Following the precertification, Aetna performs a retrospective drug utilization review (DUR) with a system called Rx Check where Aetna monitors patients who have been diagnosed with opioid dependence but are not compliant with their treatment plan and are still receiving opioids, usually from other doctors, not the physician with whom they arranged a treatment plan. Aetna sends a letter to the physician and also has a specially trained pharmacist call the physician to describe the continued opioid use and encourage the provider to not discharge the member from practice and instead to work with the member privately. “We don’t want the member to run away. We want the member to continue to work with the Suboxone prescriber and get the help they need,” she said.
“After we have done everything we can to try to engage the members and the physicians to work together on a reasonable treatment plan, sometimes there is a time to limit access for patients who don’t respond to our support,” acknowledged Friedmann. Aetna employs a pharmacy case review committee to look at the really complex cases and make determinations as to when and how to deny coverage (e.g., locking the member into one physician, placing a quantity limit on a drug). In the case of Suboxone patients who are continuing to fill opioid claims, those patients are sent a denial letter with a two-week grace period letting them know their options, behavioral health resources and their appeal rights. “We don’t want to shut anybody off abruptly; we just don’t think that would be the right thing to do,” she asserted. After two weeks, the insurer blocks all opioid claims for that patient.
Friedmann added that Aetna has just updated its DocFind database to identify physicians in the network who are certified to prescribe Suboxone. (Under the Drug Addiction Treatment Act of 2000, physicians must meet certain qualifying requirements to be able to prescribe Suboxone in the treatment of opioid dependence.) That way, if a nurse working in its integrated case management program determines that a patient is ready for addiction services, he or she can recommend a physician in the network who can provide that type of service for the patient, she explained.

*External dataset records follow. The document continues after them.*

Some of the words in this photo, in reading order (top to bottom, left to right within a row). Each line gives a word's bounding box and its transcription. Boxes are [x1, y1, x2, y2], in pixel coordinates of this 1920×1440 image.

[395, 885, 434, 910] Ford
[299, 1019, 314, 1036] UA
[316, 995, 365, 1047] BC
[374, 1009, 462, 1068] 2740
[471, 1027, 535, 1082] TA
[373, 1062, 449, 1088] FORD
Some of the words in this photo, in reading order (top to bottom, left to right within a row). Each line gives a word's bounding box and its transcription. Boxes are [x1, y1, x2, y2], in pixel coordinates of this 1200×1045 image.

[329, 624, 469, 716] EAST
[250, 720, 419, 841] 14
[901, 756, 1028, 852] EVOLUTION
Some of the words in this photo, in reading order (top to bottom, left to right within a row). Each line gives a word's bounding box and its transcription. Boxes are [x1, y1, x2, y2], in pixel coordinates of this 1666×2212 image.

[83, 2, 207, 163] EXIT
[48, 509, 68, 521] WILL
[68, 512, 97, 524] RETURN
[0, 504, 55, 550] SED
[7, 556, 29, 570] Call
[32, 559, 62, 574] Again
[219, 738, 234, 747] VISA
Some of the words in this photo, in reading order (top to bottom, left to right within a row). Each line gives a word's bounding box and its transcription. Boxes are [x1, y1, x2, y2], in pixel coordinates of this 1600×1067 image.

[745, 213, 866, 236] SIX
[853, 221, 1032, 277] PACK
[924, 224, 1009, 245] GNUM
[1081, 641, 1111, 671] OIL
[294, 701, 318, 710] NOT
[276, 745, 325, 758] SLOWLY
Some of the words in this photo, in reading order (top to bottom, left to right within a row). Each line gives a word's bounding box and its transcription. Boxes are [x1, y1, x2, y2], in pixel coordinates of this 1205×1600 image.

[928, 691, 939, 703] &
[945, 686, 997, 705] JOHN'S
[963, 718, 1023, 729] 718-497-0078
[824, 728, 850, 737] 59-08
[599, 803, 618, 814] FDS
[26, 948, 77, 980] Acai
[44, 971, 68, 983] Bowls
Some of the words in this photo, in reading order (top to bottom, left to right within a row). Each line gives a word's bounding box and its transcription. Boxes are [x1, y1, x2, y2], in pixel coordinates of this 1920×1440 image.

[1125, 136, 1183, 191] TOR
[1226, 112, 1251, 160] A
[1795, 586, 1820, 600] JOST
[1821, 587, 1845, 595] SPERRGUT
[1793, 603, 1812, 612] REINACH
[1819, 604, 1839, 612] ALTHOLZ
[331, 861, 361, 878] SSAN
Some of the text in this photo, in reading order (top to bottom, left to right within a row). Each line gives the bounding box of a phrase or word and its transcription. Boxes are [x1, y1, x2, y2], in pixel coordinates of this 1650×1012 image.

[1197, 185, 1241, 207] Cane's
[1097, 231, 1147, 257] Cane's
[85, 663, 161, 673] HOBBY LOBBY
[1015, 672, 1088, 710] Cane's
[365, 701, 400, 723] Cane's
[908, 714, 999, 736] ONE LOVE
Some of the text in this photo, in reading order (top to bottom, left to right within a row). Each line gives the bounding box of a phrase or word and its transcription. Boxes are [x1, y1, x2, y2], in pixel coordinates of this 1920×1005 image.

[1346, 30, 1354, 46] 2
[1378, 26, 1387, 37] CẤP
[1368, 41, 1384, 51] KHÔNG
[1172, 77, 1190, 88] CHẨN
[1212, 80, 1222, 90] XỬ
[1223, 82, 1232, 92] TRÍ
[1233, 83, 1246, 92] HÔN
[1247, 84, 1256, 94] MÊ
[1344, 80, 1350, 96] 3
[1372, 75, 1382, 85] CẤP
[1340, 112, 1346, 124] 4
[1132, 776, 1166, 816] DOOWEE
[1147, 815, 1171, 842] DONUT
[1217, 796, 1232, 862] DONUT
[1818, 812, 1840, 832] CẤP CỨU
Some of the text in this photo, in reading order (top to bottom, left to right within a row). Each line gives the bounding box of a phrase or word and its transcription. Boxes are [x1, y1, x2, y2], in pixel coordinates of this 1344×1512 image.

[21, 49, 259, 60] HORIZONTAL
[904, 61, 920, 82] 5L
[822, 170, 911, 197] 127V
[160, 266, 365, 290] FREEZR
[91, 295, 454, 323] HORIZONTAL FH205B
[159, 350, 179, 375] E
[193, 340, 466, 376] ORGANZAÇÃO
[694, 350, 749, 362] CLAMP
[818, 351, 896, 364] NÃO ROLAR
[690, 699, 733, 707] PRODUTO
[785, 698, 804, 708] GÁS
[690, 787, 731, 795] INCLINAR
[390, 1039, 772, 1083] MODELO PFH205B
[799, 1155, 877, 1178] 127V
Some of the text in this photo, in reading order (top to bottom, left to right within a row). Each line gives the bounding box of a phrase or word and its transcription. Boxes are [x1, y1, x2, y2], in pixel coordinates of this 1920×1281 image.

As of November 2011, 49.3% of patients who were approved for Suboxone continued to get opioids even though they received a letter from Aetna letting them know the insurer’s expectations to be opioid abstinent. However, for those whose physicians were engaged in the retrospective outreach, only 2.3% persisted in concurrent Suboxone/opioid use. In January 2010, when Aetna first introduced a mailing program, DUR and certain safety edits on opioids, about 42,000 opioid prescriptions were being processed a month. By January 2011, when the Suboxone mailing and case review program began, monthly opioid prescriptions totaled about 39,000, and dropped to 36,000 a year later for an overall two-year reduction of 15%. Preliminary analysis also shows Suboxone adherence rates have improved by 16%.
“With diligence, we’ve been able to fight the good fight against opioid misuse, waste and abuse, so it’s good to know that our labor is not in vain,” concluded Friedmann. “I was really pleased to see this since the trend in general in our culture is that opioid use is increasing.” The Suboxone program is available only to fully insured clients at this time.